### Data extract

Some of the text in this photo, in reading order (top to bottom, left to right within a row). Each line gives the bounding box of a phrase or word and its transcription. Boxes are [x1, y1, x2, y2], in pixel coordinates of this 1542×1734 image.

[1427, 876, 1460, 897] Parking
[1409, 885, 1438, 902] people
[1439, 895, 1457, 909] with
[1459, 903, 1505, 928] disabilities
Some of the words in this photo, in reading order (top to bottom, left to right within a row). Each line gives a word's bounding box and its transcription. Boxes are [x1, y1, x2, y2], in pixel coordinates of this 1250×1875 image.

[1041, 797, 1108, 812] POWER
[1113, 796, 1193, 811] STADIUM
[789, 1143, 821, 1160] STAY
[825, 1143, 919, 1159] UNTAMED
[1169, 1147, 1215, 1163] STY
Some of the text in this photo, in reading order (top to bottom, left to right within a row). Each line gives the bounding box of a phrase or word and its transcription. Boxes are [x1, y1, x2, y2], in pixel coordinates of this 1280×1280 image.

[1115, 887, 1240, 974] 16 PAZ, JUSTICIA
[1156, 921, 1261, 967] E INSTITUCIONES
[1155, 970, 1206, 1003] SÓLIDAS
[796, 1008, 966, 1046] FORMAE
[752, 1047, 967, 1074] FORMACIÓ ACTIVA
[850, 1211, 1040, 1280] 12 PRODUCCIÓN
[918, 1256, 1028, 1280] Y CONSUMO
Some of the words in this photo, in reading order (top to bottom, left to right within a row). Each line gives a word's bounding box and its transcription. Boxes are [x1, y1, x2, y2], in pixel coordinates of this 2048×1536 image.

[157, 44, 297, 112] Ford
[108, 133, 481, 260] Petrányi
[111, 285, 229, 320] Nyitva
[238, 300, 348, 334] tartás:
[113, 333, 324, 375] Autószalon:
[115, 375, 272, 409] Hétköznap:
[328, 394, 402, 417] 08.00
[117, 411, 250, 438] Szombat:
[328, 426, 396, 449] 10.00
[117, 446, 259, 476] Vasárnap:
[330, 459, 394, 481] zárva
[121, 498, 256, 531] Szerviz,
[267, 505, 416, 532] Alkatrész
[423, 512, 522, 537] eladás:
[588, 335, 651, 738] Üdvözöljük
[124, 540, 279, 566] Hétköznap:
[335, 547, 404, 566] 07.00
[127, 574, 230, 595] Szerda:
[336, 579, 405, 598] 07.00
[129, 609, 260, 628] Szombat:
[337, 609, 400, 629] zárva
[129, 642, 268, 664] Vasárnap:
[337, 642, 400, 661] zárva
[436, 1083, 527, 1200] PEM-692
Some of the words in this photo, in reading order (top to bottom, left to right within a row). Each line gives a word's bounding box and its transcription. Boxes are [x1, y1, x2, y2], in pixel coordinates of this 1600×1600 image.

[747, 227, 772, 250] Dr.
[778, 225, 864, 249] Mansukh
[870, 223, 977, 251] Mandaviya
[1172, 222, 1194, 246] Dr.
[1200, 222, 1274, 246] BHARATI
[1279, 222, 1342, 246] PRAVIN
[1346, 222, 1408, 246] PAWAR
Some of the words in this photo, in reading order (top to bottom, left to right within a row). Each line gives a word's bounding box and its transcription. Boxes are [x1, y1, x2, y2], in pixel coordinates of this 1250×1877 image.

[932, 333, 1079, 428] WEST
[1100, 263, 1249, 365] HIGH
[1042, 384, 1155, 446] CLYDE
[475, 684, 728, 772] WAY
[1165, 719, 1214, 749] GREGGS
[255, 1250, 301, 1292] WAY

### Problem
Go through the listing and transcribe all of it exactly.

### Written answer
Some of the text in this photo, in reading order (top to bottom, left to right within a row). Each line gives the bounding box of a phrase or word and its transcription. Boxes are [x1, y1, x2, y2], in pixel coordinates of this 1542×1734 image.

[1427, 876, 1460, 897] Parking
[1409, 885, 1438, 902] people
[1439, 895, 1457, 909] with
[1459, 903, 1505, 928] disabilities
Some of the words in this photo, in reading order (top to bottom, left to right within a row). Each line gives a word's bounding box and its transcription. Boxes are [x1, y1, x2, y2], in pixel coordinates of this 1250×1875 image.

[1041, 797, 1108, 812] POWER
[1113, 796, 1193, 811] STADIUM
[789, 1143, 821, 1160] STAY
[825, 1143, 919, 1159] UNTAMED
[1169, 1147, 1215, 1163] STY
Some of the text in this photo, in reading order (top to bottom, left to right within a row). Each line gives the bounding box of a phrase or word and its transcription. Boxes are [x1, y1, x2, y2], in pixel coordinates of this 1280×1280 image.

[1115, 887, 1240, 974] 16 PAZ, JUSTICIA
[1156, 921, 1261, 967] E INSTITUCIONES
[1155, 970, 1206, 1003] SÓLIDAS
[796, 1008, 966, 1046] FORMAE
[752, 1047, 967, 1074] FORMACIÓ ACTIVA
[850, 1211, 1040, 1280] 12 PRODUCCIÓN
[918, 1256, 1028, 1280] Y CONSUMO
Some of the words in this photo, in reading order (top to bottom, left to right within a row). Each line gives a word's bounding box and its transcription. Boxes are [x1, y1, x2, y2], in pixel coordinates of this 2048×1536 image.

[157, 44, 297, 112] Ford
[108, 133, 481, 260] Petrányi
[111, 285, 229, 320] Nyitva
[238, 300, 348, 334] tartás:
[113, 333, 324, 375] Autószalon:
[115, 375, 272, 409] Hétköznap:
[328, 394, 402, 417] 08.00
[117, 411, 250, 438] Szombat:
[328, 426, 396, 449] 10.00
[117, 446, 259, 476] Vasárnap:
[330, 459, 394, 481] zárva
[121, 498, 256, 531] Szerviz,
[267, 505, 416, 532] Alkatrész
[423, 512, 522, 537] eladás:
[588, 335, 651, 738] Üdvözöljük
[124, 540, 279, 566] Hétköznap:
[335, 547, 404, 566] 07.00
[127, 574, 230, 595] Szerda:
[336, 579, 405, 598] 07.00
[129, 609, 260, 628] Szombat:
[337, 609, 400, 629] zárva
[129, 642, 268, 664] Vasárnap:
[337, 642, 400, 661] zárva
[436, 1083, 527, 1200] PEM-692
Some of the words in this photo, in reading order (top to bottom, left to right within a row). Each line gives a word's bounding box and its transcription. Boxes are [x1, y1, x2, y2], in pixel coordinates of this 1600×1600 image.

[747, 227, 772, 250] Dr.
[778, 225, 864, 249] Mansukh
[870, 223, 977, 251] Mandaviya
[1172, 222, 1194, 246] Dr.
[1200, 222, 1274, 246] BHARATI
[1279, 222, 1342, 246] PRAVIN
[1346, 222, 1408, 246] PAWAR
Some of the words in this photo, in reading order (top to bottom, left to right within a row). Each line gives a word's bounding box and its transcription. Boxes are [x1, y1, x2, y2], in pixel coordinates of this 1250×1877 image.

[932, 333, 1079, 428] WEST
[1100, 263, 1249, 365] HIGH
[1042, 384, 1155, 446] CLYDE
[475, 684, 728, 772] WAY
[1165, 719, 1214, 749] GREGGS
[255, 1250, 301, 1292] WAY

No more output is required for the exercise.